While we all lose during this NBA lockout, there are some players that are going to lose out more than others. You’ve got to feel for the rookies who started their NBA experience by getting drafted in Newark, New Jersey, rather than getting to walk across the stage of Madison Square Garden like draftees usually do. After getting drafted, they had a week to go to their new cities, meet their general managers and coaches and teammates, do a press conference to get their jersey, take some photos, and then that was it. No more contact with their coaches, no summer league, nothing.
That’s rough. Spurs rookie, Cory Joseph took advantage of the time between the draft and the beginning of the lockout, spending his time in San Antonio with some of his teammates. Because he hasn’t played in a few months, the Spurs wanted him to stay active and encouraged him to play for the Canadian National team.
After a recent practice with the team, Joseph couldn’t wipe the smile off of his face when he was talking about his new team. “It means a lot,” Joseph said of the Spurs decision to make him their newest player. “It’s one big family. First class organization. First class fan base. The way they treat each other is unbelievable. I know they’re unselfish and I’m an unselfish player. I’ll fit right in.”
Despite the lockout, Joseph has already began to build relationships with his new Spurs teammates and talks with them regularly. While he’s excited to get started when the work stoppage ends, he isn’t allowing himself any time to wonder about the draft-day deal the Spurs made to send George Hill to Indiana in exchange for rookie Kawhi Leonard.
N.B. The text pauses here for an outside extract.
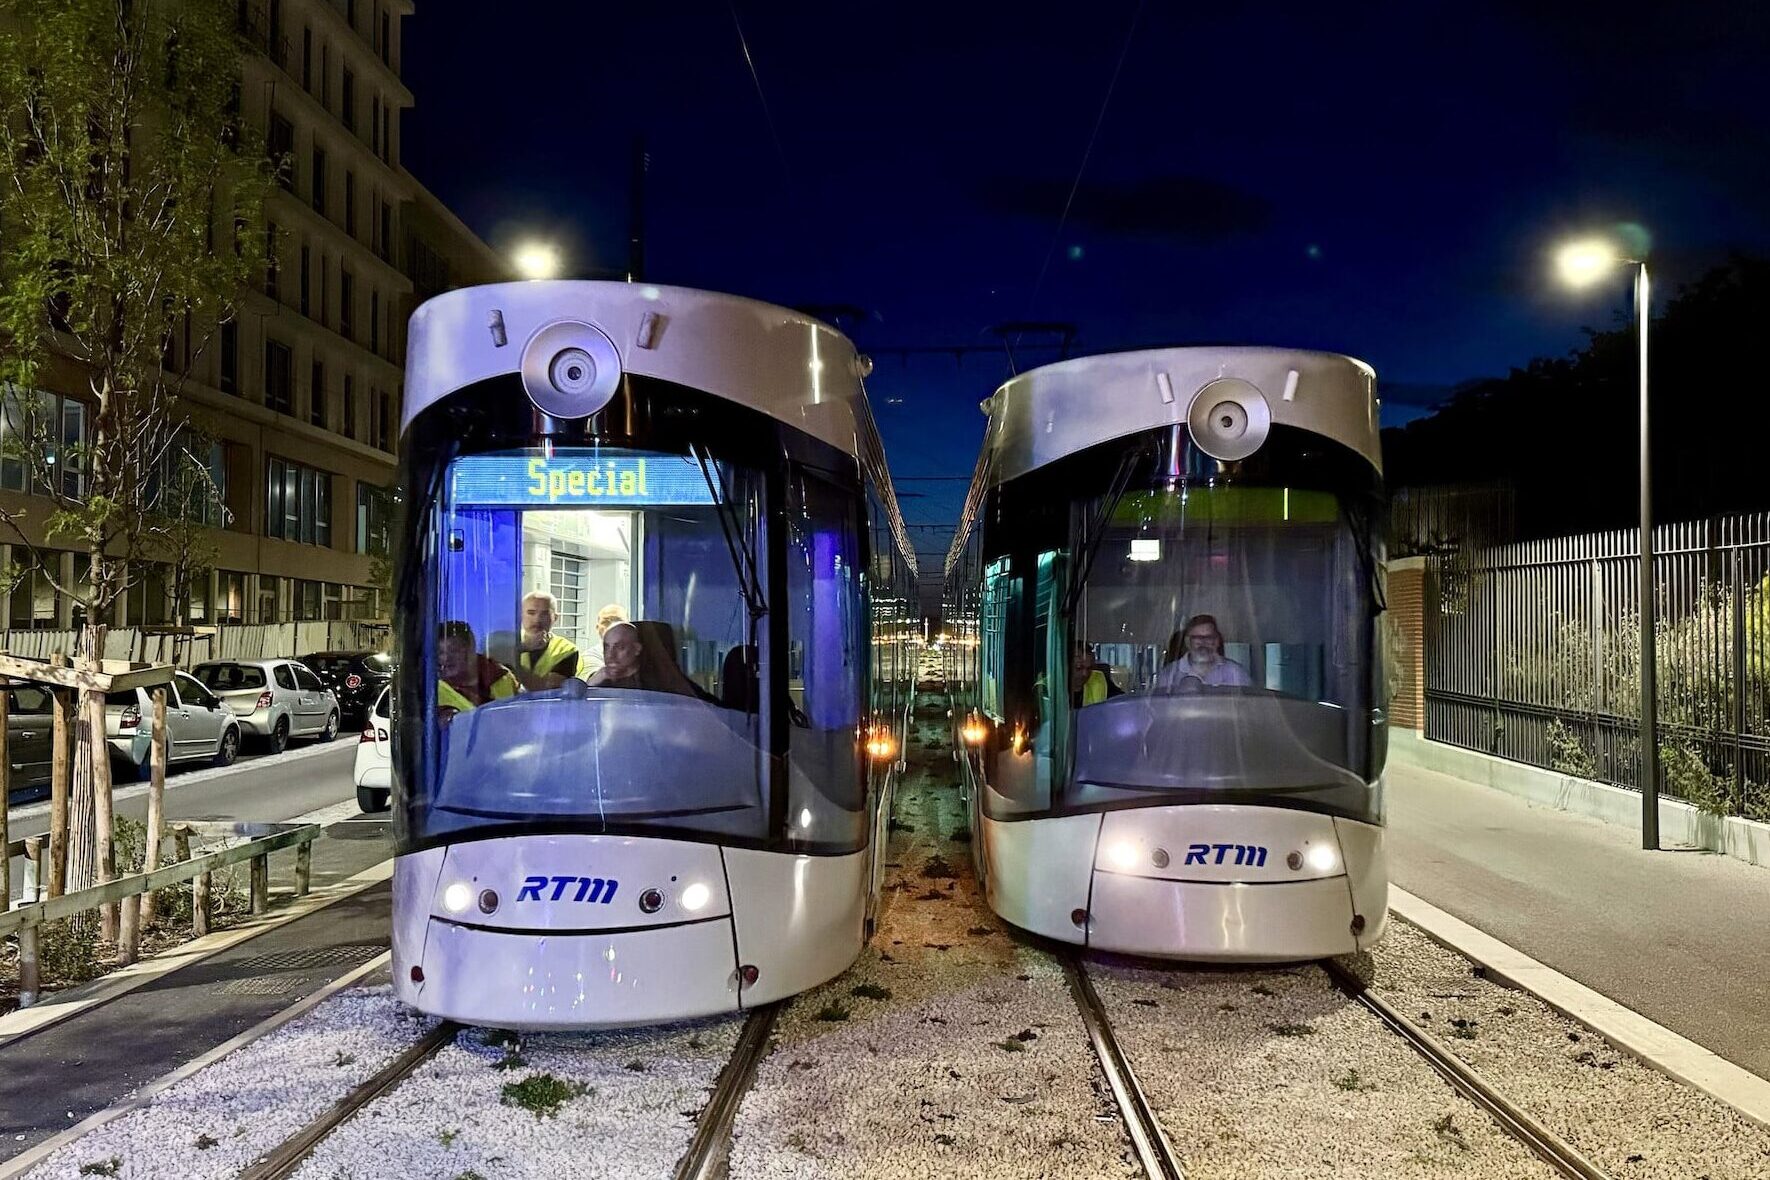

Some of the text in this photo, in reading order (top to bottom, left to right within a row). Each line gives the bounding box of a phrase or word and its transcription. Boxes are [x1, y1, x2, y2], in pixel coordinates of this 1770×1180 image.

[528, 458, 649, 503] Special
[1184, 844, 1267, 867] RTM
[516, 876, 618, 904] RTM
“George Hill was a great player for them,” Joseph said. “I don’t try to get too much into that. That was obviously a decision they had to make and I’m just trying to go in there and do whatever Coach Popovich wants me to do.”
What Popovich and co. wanted, was for Joseph to spend his summer playing against international competition, so that’s what he’s going to do.
Joseph’s national team teammate, Andy Rautins reflected back on what summer league meant to him as he got ready for his first season in the NBA with the Knicks. “I think it helped a lot,” Rautins said. “Especially getting comfortable with the system of your team, getting to know the offense, becoming accustomed to defenses. It helps a great deal to have the coaches there, get that perspective. I think we have a lot of professionals here and we have guys who have been through it before and we’re going to try to help him along as best as we can. Hopefully we can help him get prepared for this upcoming season.”
Leo Rautins, head coach of the national team, delved deeper into what rookies gain from the summer league experience, while also giving the Spurs organization a huge cosign.
“It’s really important for young guys to have that opportunity,” Rautins said. “It’s almost a mini rookie season You go in there, you taste the NBA. Even though summer league is still a different animal than the regular season, I still think it’s that whole exposure, going through it, I think it’s valuable for thees guys. On the flip side, that’s why this [playing for the national team] is so valuable. For a kid like Cory, you have to remember who he got drafted by. If I was a GM, I would park myself outside of San Antonio’s locker room and whoever they cut, I’d take because they don’t make bad decisions. The fact that they even have somebody in their camp, they’ve done their homework, they’ve done their work. It’s one of the best organizations in the league. The fact that Cory was drafted by them tells you what they see in him.”
If rookies are the ones really missing out on the opportunity to learn their team’s offense during summer league, rookie point guards are going to have their plates full when the season begins. For Joseph, he’s at least getting a taste with the national team.
“He’s playing point guard here,” Rautins explained. “He’s gotta run a team. We want to run, but then you still have to run the offense so he’s got to make decisions. Popovich is a tough guy, you’ve got to make the right decision for him. In light of the lockout, in light of no summer league, I think this is huge for him.”
While Joseph will have to learn how to lead a team in the NBA, the biggest challenge for rookies often isn’t the playbook, but the personnel they’re playing with when they make it to the pros.
“J.J. Redick, he was a great college scorer, a great shooter,” Rautins said. “I asked him, ‘What was the biggest thing for you?’ he said, ‘Athleticism. Guys are so freakishly quick that you’d make a fake and you’re open, but they recover.’ The speed of the game is so dramatically different, I think you get here and then you see it and you go, ‘Whoa’. Speed and strength. This league [the NBA] is the most athletic league in the world.”
Joseph and the rest of the rookie class of 2011 might not know when they will get to play in their first NBA games, but in the meantime, there is work to be done. In his brief time with the national team, Spurs fans will be pleased to hear that Joseph has impressed.
“He comes out and his enthusiasm, he pushes the ball. That’s one of the things we need. Cory is very good at that. His ability to push, defensively, he has a high motor. He gets in you and he’ll keep playing all game. The fact that he’s an energy guy and he talks, he’s vocal. We don’t have a lot of guys that are vocal, he’s one of them.
“He just loves to play.”
Hopefully he’ll be playing on an NBA court sooner than later.